• [Activity]: The records underneath are to be repeated exactly, with the pictures left out.

Images for object localization

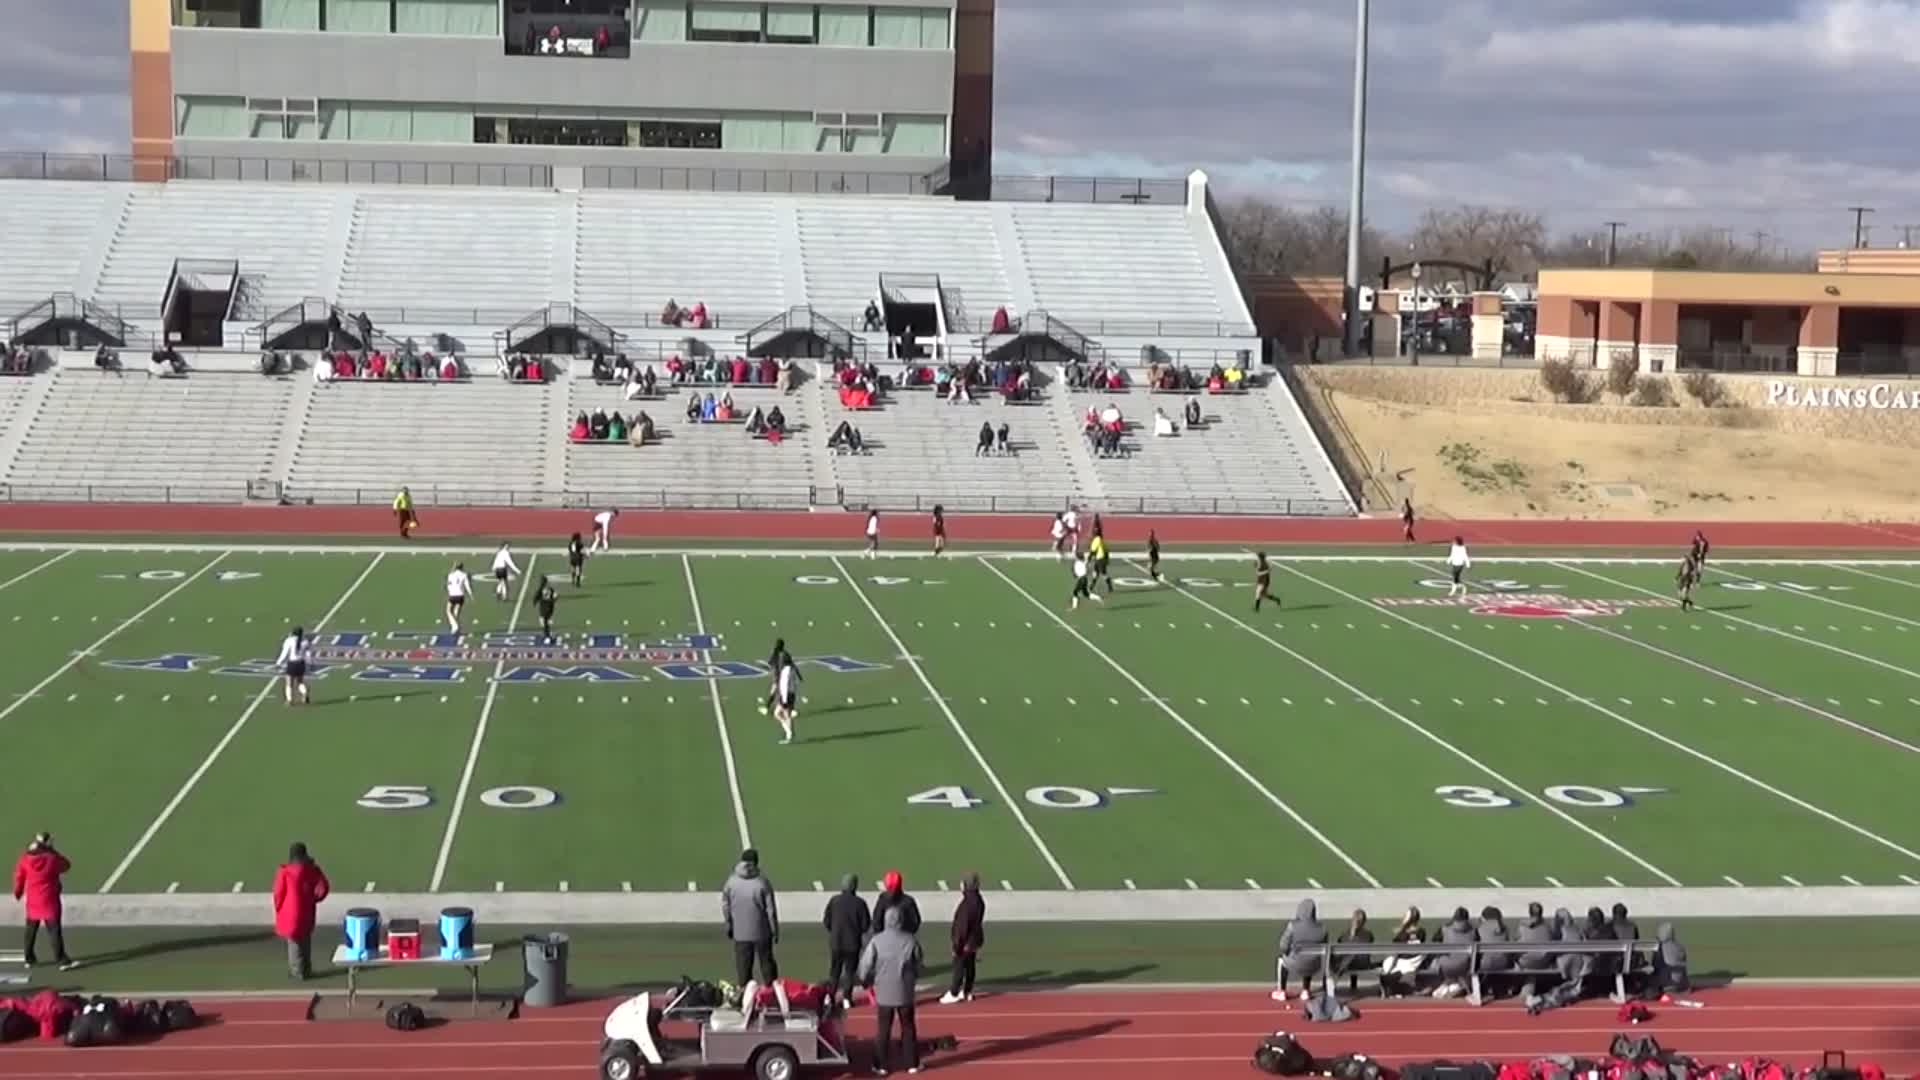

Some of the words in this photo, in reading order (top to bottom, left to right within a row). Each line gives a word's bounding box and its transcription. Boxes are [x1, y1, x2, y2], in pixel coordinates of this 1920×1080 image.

[356, 785, 556, 808] 50
[907, 785, 1101, 808] 40
[1434, 785, 1625, 807] 30
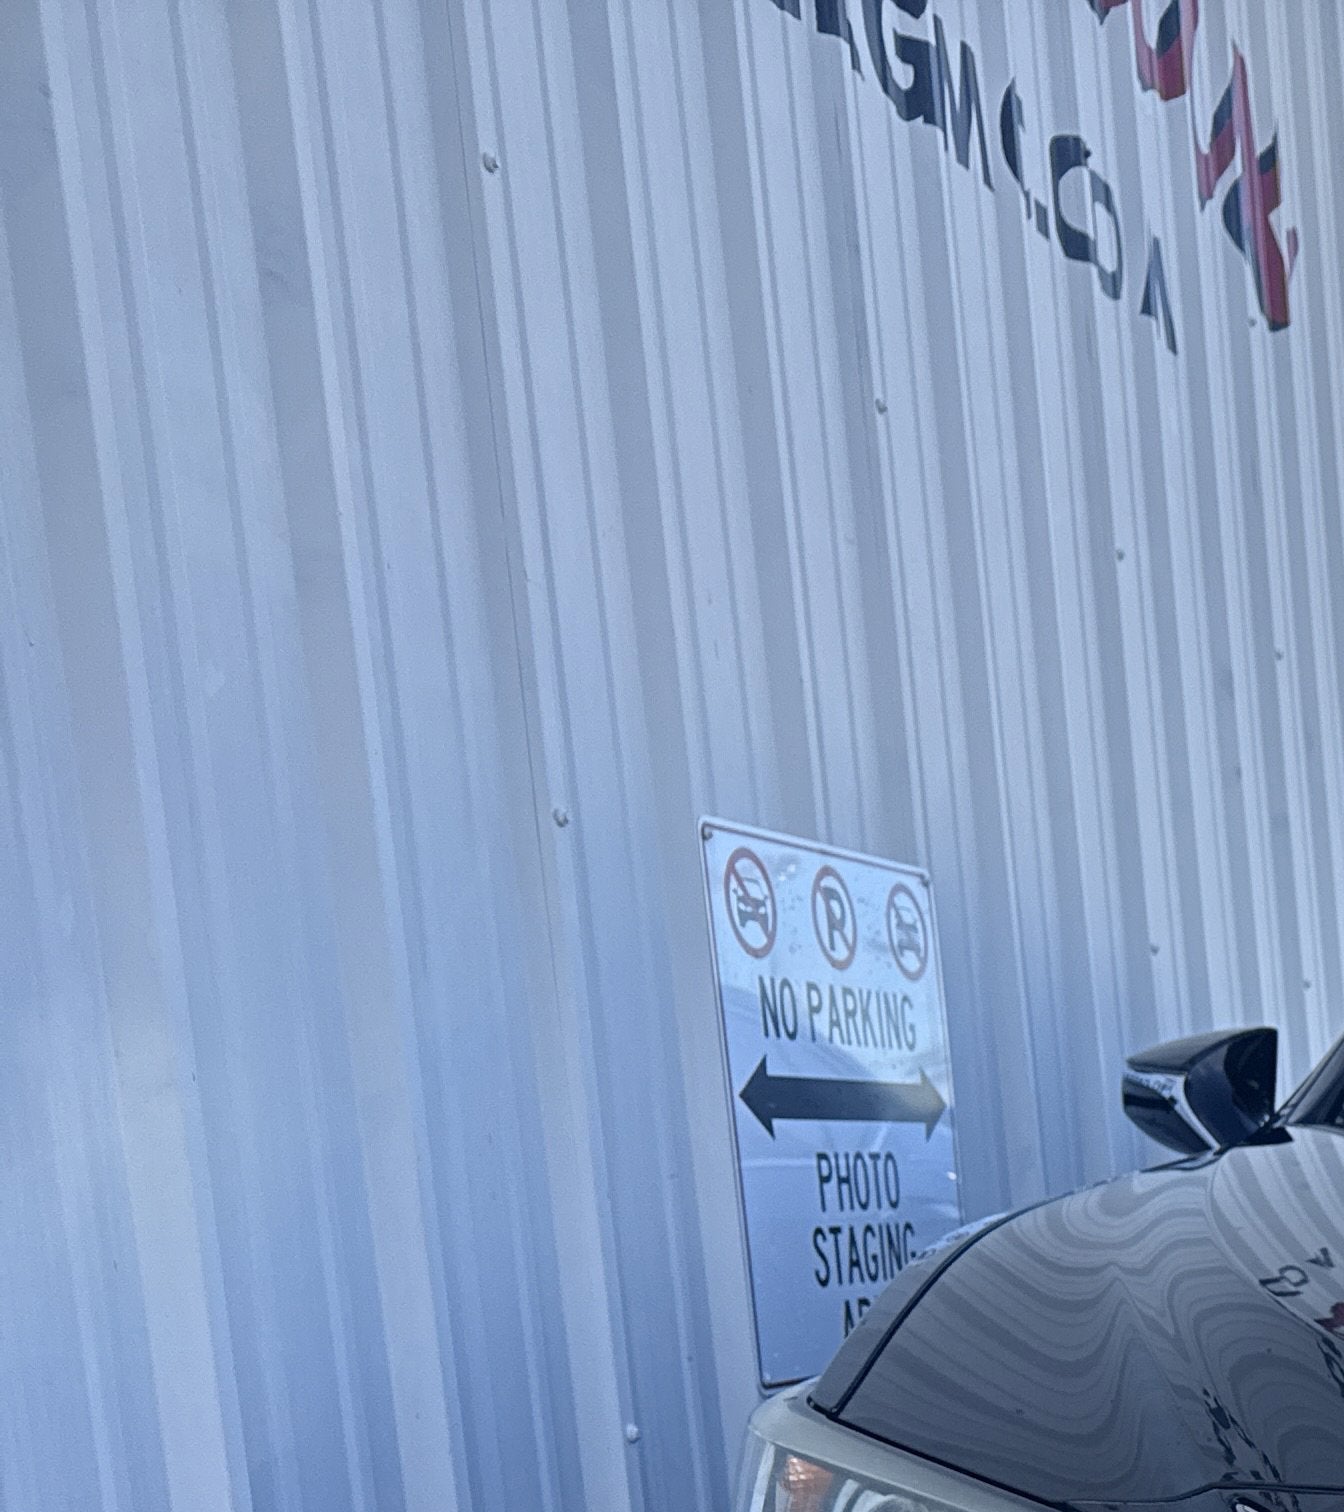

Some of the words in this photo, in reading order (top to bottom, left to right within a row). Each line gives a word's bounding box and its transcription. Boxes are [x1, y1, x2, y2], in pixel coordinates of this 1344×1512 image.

[758, 975, 798, 1041] NO
[806, 981, 917, 1051] PARKING
[816, 1151, 901, 1213] PHOTO
[812, 1221, 917, 1288] STAGING

• [Response to the exercise]:
Some of the words in this photo, in reading order (top to bottom, left to right within a row). Each line gives a word's bounding box and its transcription. Boxes are [x1, y1, x2, y2], in pixel coordinates of this 1920×1080 image.

[356, 785, 556, 808] 50
[907, 785, 1101, 808] 40
[1434, 785, 1625, 807] 30

Some of the words in this photo, in reading order (top to bottom, left to right within a row). Each line gives a word's bounding box and its transcription. Boxes are [x1, y1, x2, y2], in pixel coordinates of this 1344×1512 image.

[758, 975, 798, 1041] NO
[806, 981, 917, 1051] PARKING
[816, 1151, 901, 1213] PHOTO
[812, 1221, 917, 1288] STAGING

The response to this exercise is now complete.